01.11.16

Stahlpreis-Rallye 2016: ArcelorMittal nützt sie am meisten

Trotz steigender Stahlpreis drohen ThyssenKrupp und Salzgitter den Anschluss zu verlieren. Für ArcelorMittal läuft es hingegen glänzend. Der weltgrößte Stahlkonzern profitiert von seiner Kostenführerschaft und steigenden Eisenerzpreisen. Der Aktienkurs kletterte in den letzen eineinhalb Monaten um 26% auf 6,18 Euro nach oben.

ThyssenKrupp-Anteilsschein stiegen 3% auf 20,98 Euro, Salzgitter 10% auf 29,94 Euro. Dass ArcelorMittal davonzieht, bestärkt jene Kräfte in der Stahlindustrie, die sich für Zusammenschlüsse aussprechen. Gemäß ihren Stimmen sind die deutschen Hersteller in einer prekären Wettbewerbssituation:

  • Sie kommen an die Kostenführerschaft und die höheren Gewinnmargen des wesentlich größeren Herstellers ArcelorMittals, der auch von seiner eigenen Eisenerzförderung profitiert, nicht heran. Der Eisenerzpreis befindet sich aktuell mit 64 US-Dollar/Tonne auf einem 6-Monatshoch.

  • Auf der anderen Seite sind ThyssenKrupp und Salzgitter nicht spezialisiert genug, um ein Nischenstrategie wie Voestalpine zu fahren. Der Aktienkurs des Konzerns aus Österreich steht (anders als die der deutschen Stahlproduzenten) aktuell mit 32,23 Euro kurz davor ein Jahreshoch zu erreichen.

ThyssenKrupp wird von seinem schwedischen Finanzinvestor Cevian dazu gedrängt, Möglichkeiten von Zusammenschlüssen mit anderen Stahlproduzenten auszuloten.

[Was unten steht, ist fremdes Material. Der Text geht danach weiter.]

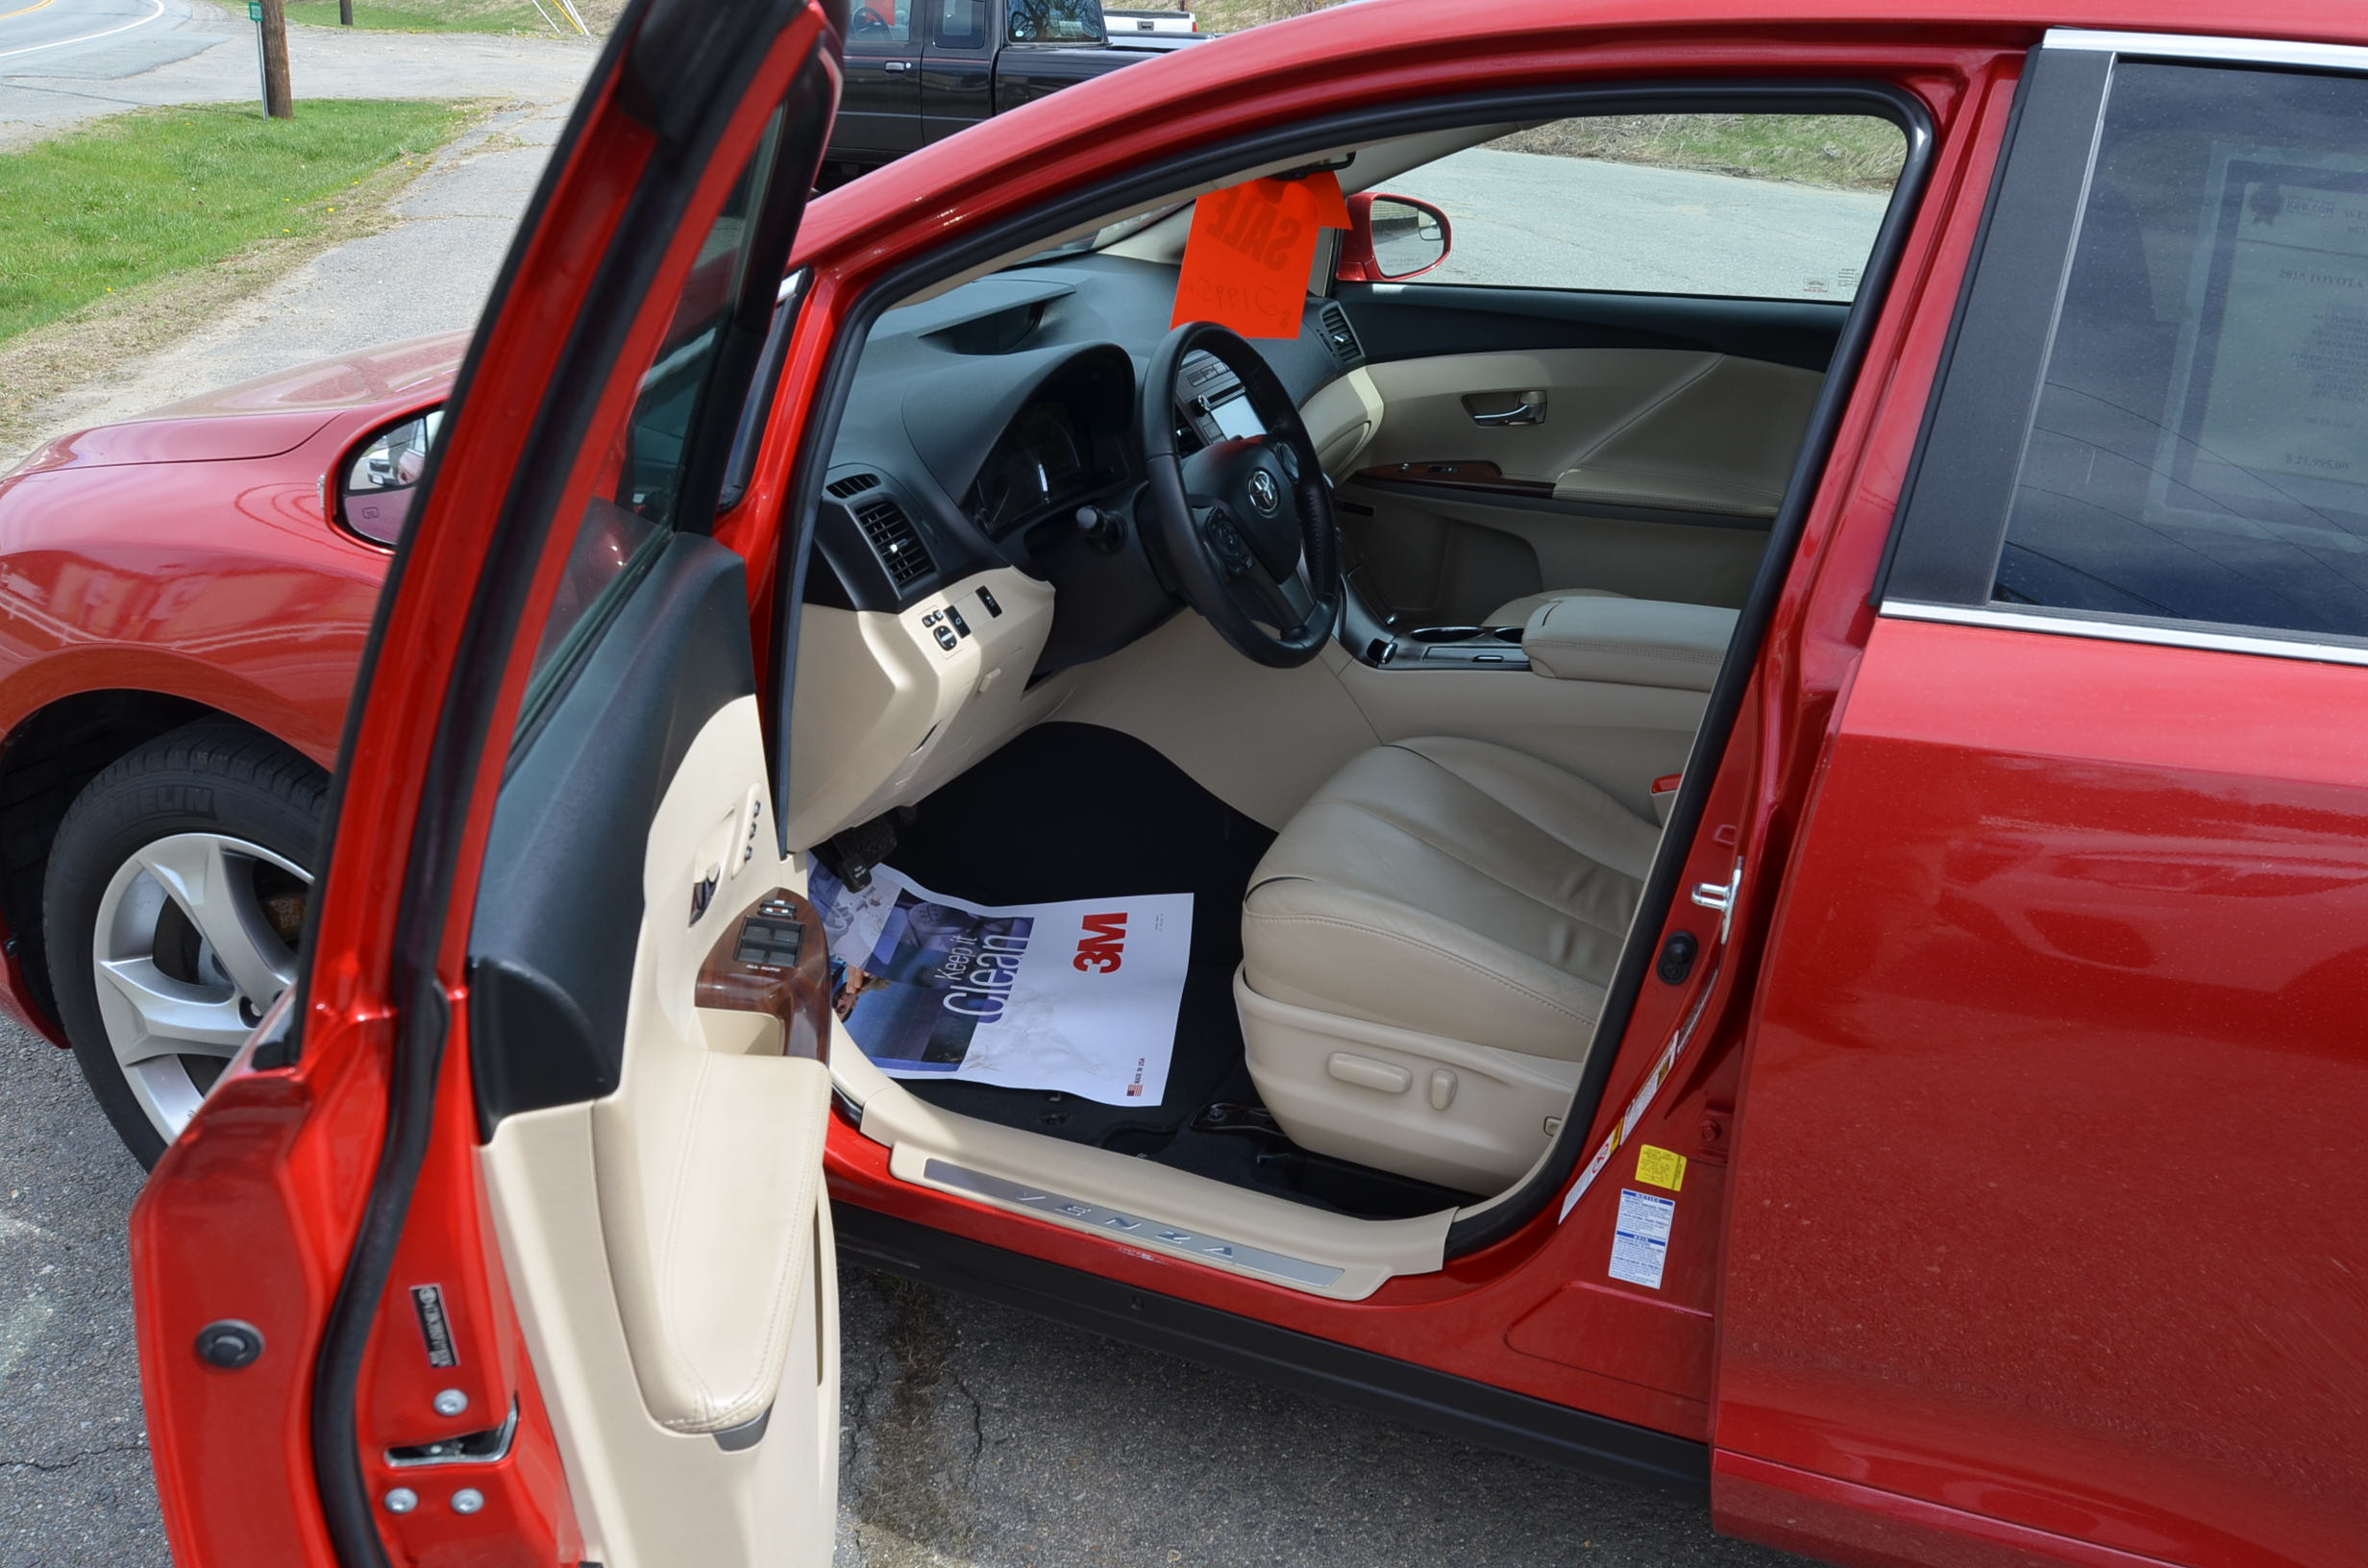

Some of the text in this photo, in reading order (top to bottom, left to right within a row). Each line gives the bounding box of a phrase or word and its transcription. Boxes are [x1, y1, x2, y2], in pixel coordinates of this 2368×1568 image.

[933, 934, 977, 980] Keep it
[1073, 912, 1129, 974] 3M
[943, 934, 1031, 1016] Clean
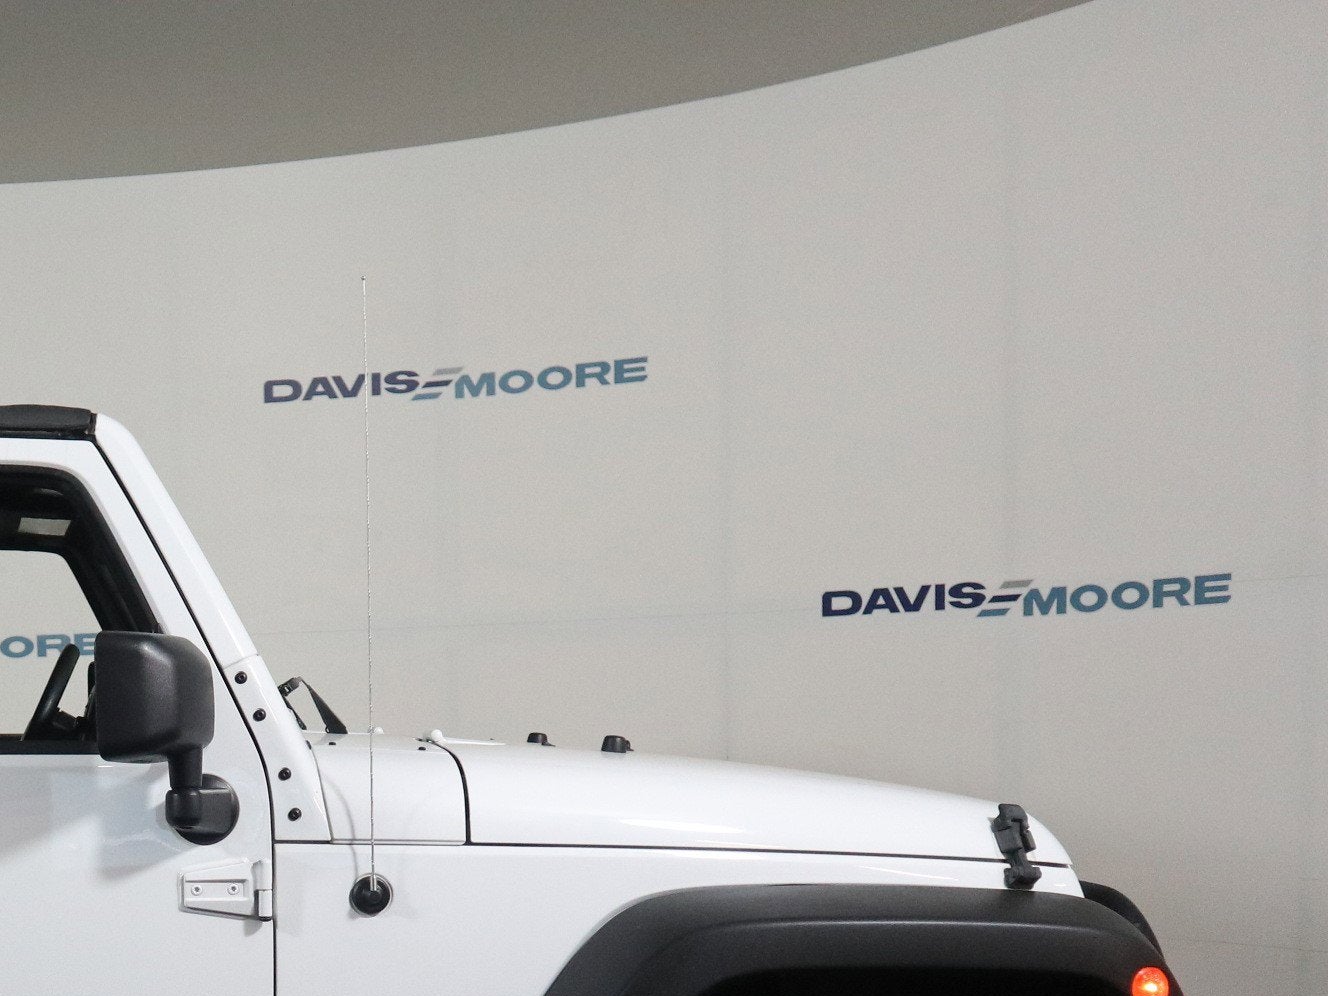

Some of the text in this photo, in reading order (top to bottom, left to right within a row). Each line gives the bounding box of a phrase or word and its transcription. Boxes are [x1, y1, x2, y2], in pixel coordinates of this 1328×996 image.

[263, 356, 649, 403] DAVIS MOORE
[821, 573, 1233, 617] DAVIS MOORE
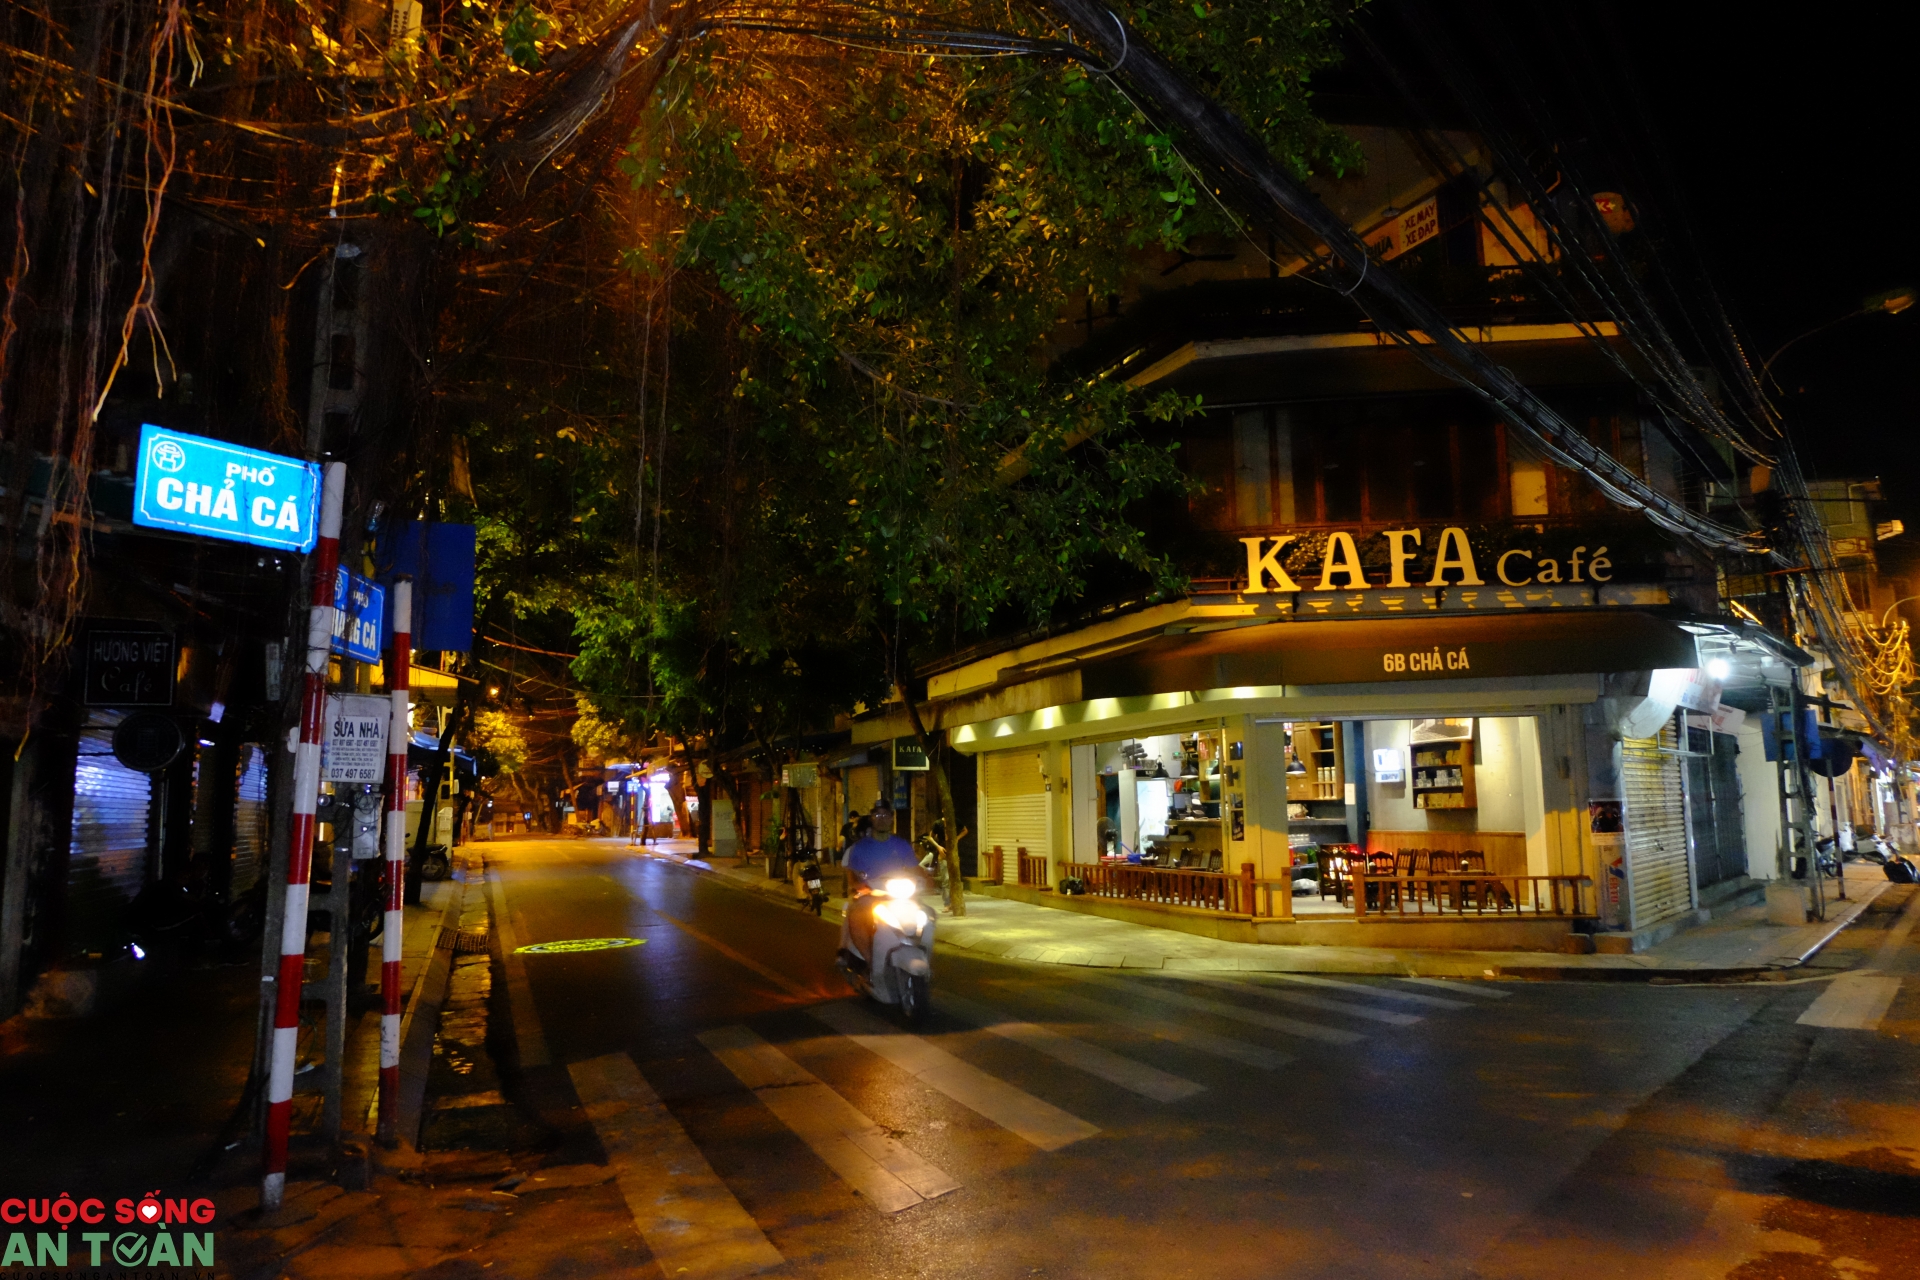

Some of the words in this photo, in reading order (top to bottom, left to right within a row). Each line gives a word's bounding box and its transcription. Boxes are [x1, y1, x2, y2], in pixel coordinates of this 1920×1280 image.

[1405, 215, 1417, 231] XE
[1406, 230, 1417, 247] XE
[225, 462, 277, 486] PHỐ
[156, 477, 238, 521] CHẢ
[251, 495, 300, 533] CÁ
[1238, 526, 1486, 594] KAFA
[1496, 546, 1613, 586] Café
[362, 618, 377, 651] CÁ
[1383, 653, 1406, 672] 6B
[1409, 646, 1444, 671] CHẢ
[1446, 642, 1470, 670] CÁ
[101, 666, 153, 701] Café
[333, 717, 355, 738] SỬA
[359, 718, 379, 738] NHÀ
[899, 745, 922, 753] KAFA
[331, 768, 343, 778] 037
[345, 768, 358, 778] 497
[359, 769, 376, 779] 6587

Es laufen Gespräche über eine Fusion mit Tata Steel.

Salzgitter hat mit dem Land Niedersachsen einen großen Anteilseigner, der auf Selbständigkeit pocht. Dabei nehmen die Verantwortlichen die Gefahr in Kauf, dass man zwischen großen Kostenführern und Nischenanbietern ähnlich aufgerieben wird, wie es derzeit die Deutsche Bank erlebt.

Der Aktienkurs von Kloeckner ist ein Abziehbild der Entwicklung der Stahlpreise. So stiegen die Papiere des Duisburger Stahlhändlers in den ersten acht Monaten des laufenden Jahres um 57% auf 12,91 Euro.

Seitdem die Stahlpreise im August auf dem für Klöckner wichtigen US-Stahlmarkt begannen zu sinken, ist der Klöckner-Aktienkurs in einer Seitwärtsbewegung. Wären die Stahlpreise in Europa aktuell nicht auf einem Mehrjahreshoch, hätte der Klöckner-Kurs wahrscheinlich große Probleme sich über 10 Euro zu halten.